I had certainly seen him before that particular afternoon, but he had been just another cop. After that afternoon, he had read hair and blue eyes. He walked the way John Wayne walks, striding out to clean up the universe, and he believed all that shit: a wicked, stupid, infantile motherfucker. Like his heroes, he was kind of pigheaded, heavy gutted, big assed, and his eyes were as blank as George Washington’s eyes. But I was beginning to learn something about the blankness of those eyes. What I was learning was beginning to frighten me to death. If you look steadily into that unblinking blue, into that pinpoint at the center of the eye, you discover a bottomless cruelty, a viciousness cold and icy. In that eye, you do not exist: if you are lucky. If that eye, from its height, has been forced to notice you, if you do exist in the unbelievably frozen winter which lives behind that eye, you are marked, marked, marked, like a man in a black overcoat, crawling, fleeing, across the snow. The eye resents your presence in the landscape, cluttering up the view. Presently, the black overcoat will be still, turning red with blood, and the snow will be red, and the eye resents this, too, blinks once, and causes more snow to fall, covering it all. Sometimes I was with Fonny when I crossed Bell’s path, sometimes I was alone. When I was with Fonny, the eyes looked straight ahead, into a freezing sun. When I was alone, the eyes clawed me like a cat’s claws, raked me like a rake. These eyes look only into the eyes of the conquered victim. They cannot look into any other eyes. When Fonny was alone, the same thing happened. Bell’s eyes swept over Fonny’s black body with the unanswerable cruelty of lust, as though he had lit the blowtorch and had it aimed at Fonny’s sex. When their paths crossed, and I was there, Fonny looked straight at Bell, Bell looked straight ahead. I’m going to fuck you, boy, Bell’s eyes said. [pp. 185-186.]

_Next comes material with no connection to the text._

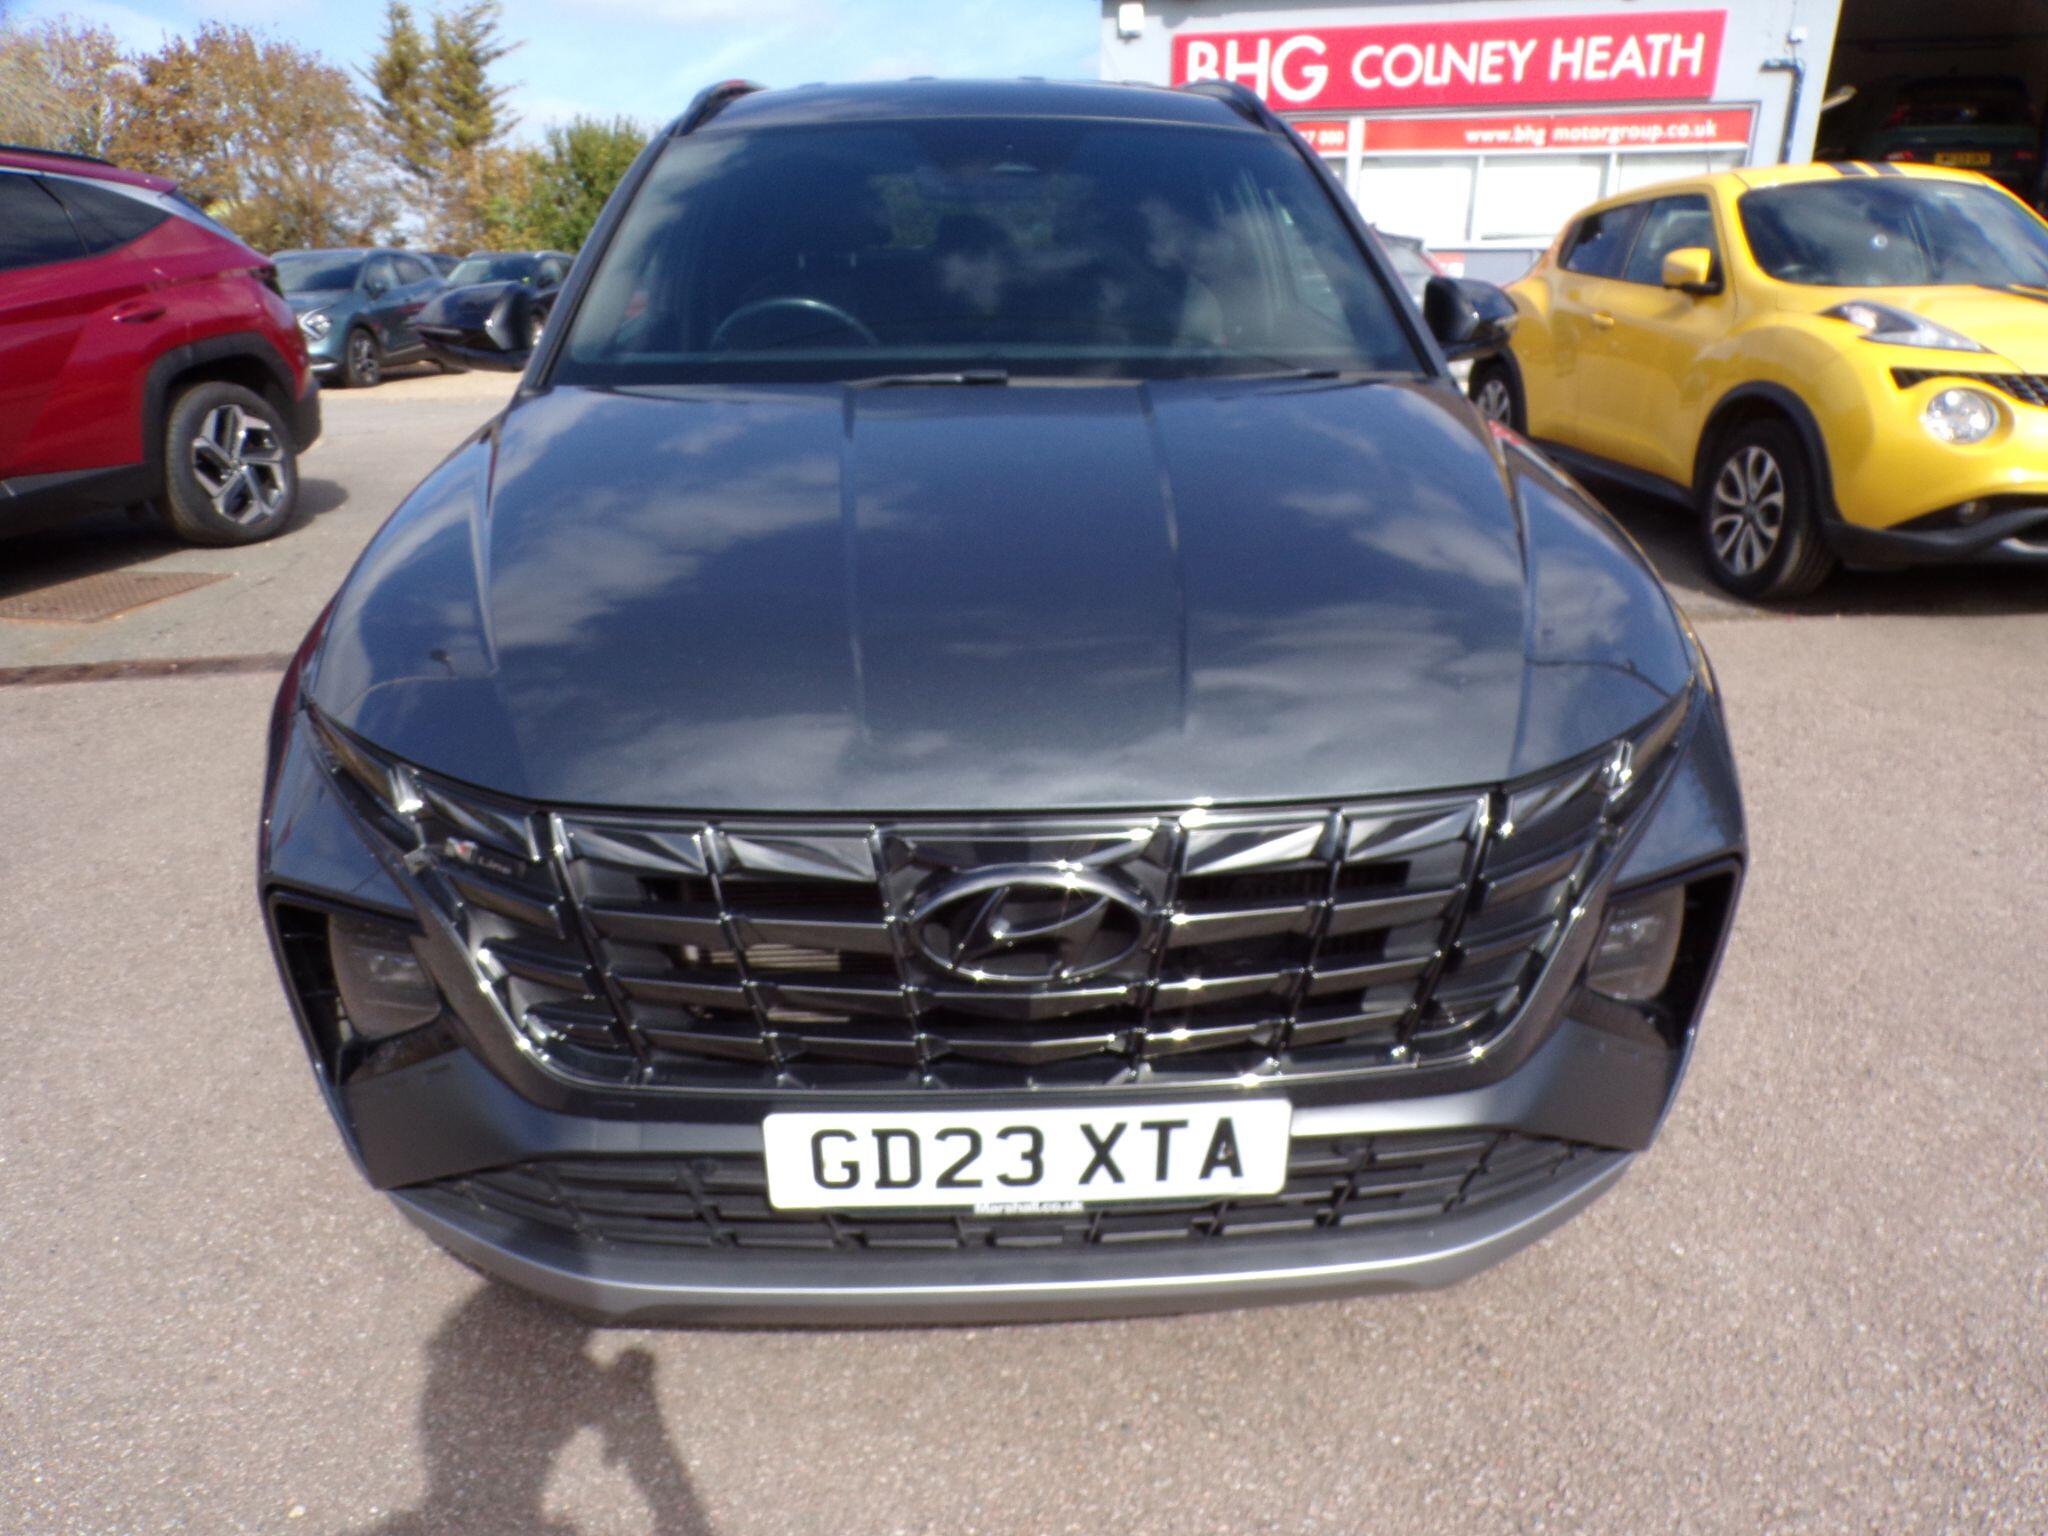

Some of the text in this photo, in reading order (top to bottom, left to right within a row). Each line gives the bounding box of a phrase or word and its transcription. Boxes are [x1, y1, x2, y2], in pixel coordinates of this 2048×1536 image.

[1187, 32, 1705, 102] BHG COLNEY HEATH
[811, 1119, 1241, 1189] GD23 XTA

Only Baldwin, I think, could have captured–in quite this way–the aura the black man feels radiating out at him from a policeman: the resentment, the sense of being marked as a target, the implicit and explicit violence, the desire to destroy whatever it is that makes him into a man who can hold his head high. The policed see and experience the police very differently; they know they are looked at through a different lens.